Scientists have captured the
first direct image of a solar system that closely resembles our own. The new
image is a family portrait of sorts, showing two giant exoplanets orbiting a
young, sun-like star, roughly 300 light years away.
The picture was taken using the
European Southern Observatory's Very Large Telescope, located in Chile's
Atacama Desert. According to a new study in the Astrophysical Journal Letters,
the system will help astronomers better understand how our solar system formed
and evolved
The star, known as TYC 8998-760-1
and located in the Southern constellation of Musca, is only 17 million years
old, which researchers called a "very young version of our own sun."
Comparatively, the sun is roughly 4.6 billion years old.
Both planets orbiting the star,
dubbed TYC 8998-760-1b and TYC 8998-760-1c, are suspected to be gas giants,
meaning they are composed primarily of gases like helium and hydrogen. However,
they are much further away from their host star than our gas giants Jupiter and
Saturn, at distances of 160 and about 320 times the Earth-sun distance. They
are also much heavier than the gas giants in our solar system.

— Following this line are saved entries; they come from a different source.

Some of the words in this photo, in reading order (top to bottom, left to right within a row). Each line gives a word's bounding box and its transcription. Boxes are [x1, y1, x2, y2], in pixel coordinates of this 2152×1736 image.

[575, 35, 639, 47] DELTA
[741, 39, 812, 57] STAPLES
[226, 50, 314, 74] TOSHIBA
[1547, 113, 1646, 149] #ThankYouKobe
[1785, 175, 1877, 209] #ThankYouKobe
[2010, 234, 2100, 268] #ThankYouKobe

The image shows the two planets,
which appear as two bright points of light, distantly orbiting their parent
star, located in the upper left corner. Because they formed so recently, they
still glow brightly enough to be seen from Earth. This image, captured by the
SPHERE instrument on ESO's Very Large Telescope, shows the star TYC 8998-760-1
accompanied by two giant exoplanets. ESO/BOHN ET AL.
It marks the first time
astronomers have observed more than a single planet orbiting a star similar to
the sun. Only two similar systems have ever been previously observed — both
with stars uniquely different to ours.
"This discovery is a
snapshot of an environment that is very similar to our Solar System, but at a
much earlier stage of its evolution," lead researcher Alexander Bohn, a
PhD student at Leiden University in the Netherlands, said in a press release.

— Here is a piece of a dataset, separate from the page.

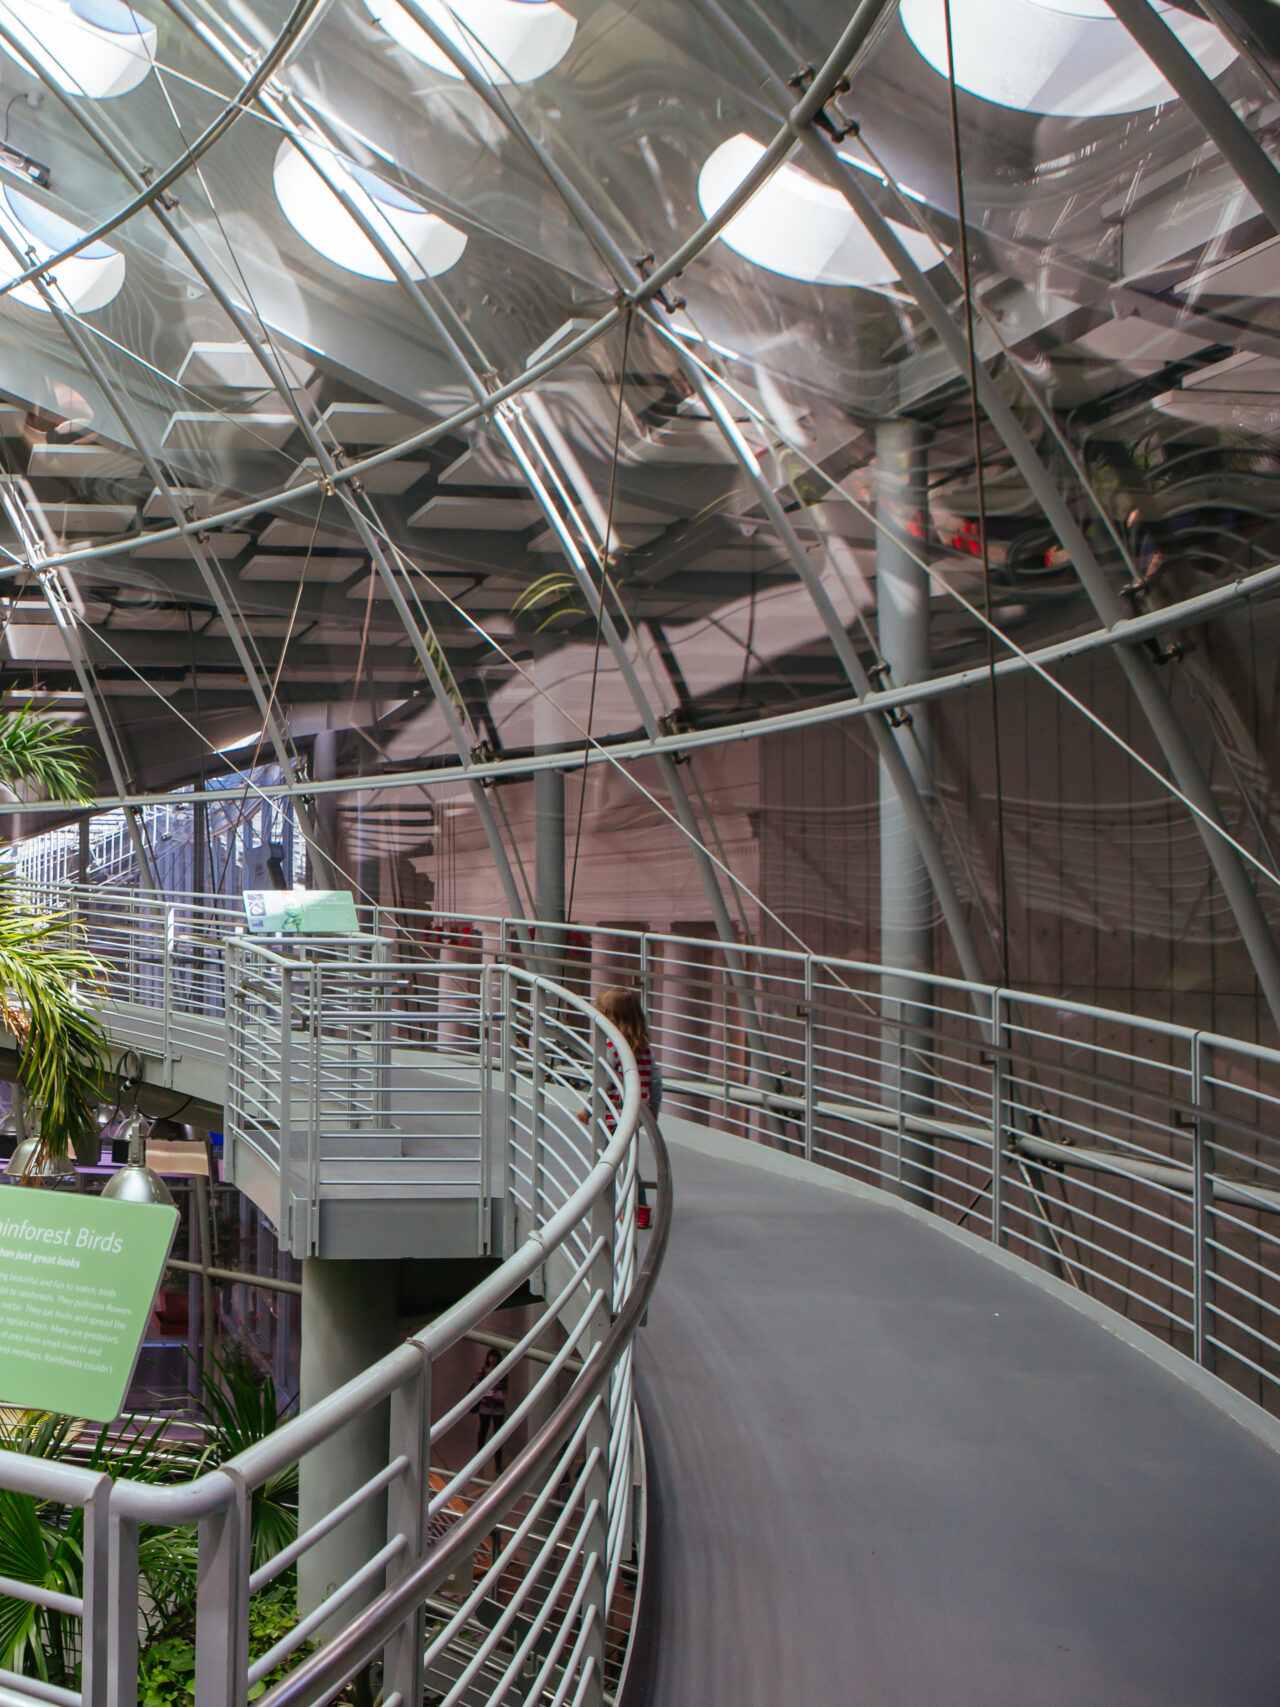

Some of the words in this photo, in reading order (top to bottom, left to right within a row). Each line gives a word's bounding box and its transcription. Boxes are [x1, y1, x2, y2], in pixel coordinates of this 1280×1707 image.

[75, 1227, 123, 1253] Birds
[15, 1249, 32, 1261] just
[32, 1253, 56, 1264] great
[57, 1256, 80, 1269] looks

Co-author Matthew Kenworthy, an
associate professor at Leiden University, said that these kinds of direct
observations are crucial in the hunt for planets that can support life.
"Even though astronomers have indirectly detected thousands of planets in
our galaxy, only a tiny fraction of these exoplanets have been directly
imaged," he said.
Only a few dozen of the
exoplanets so-far discovered have been directly imaged, according to NASA.
Scientists hope that further research will reveal if the young planets formed
at their current location or migrated from somewhere else — and how they might
interact with each other.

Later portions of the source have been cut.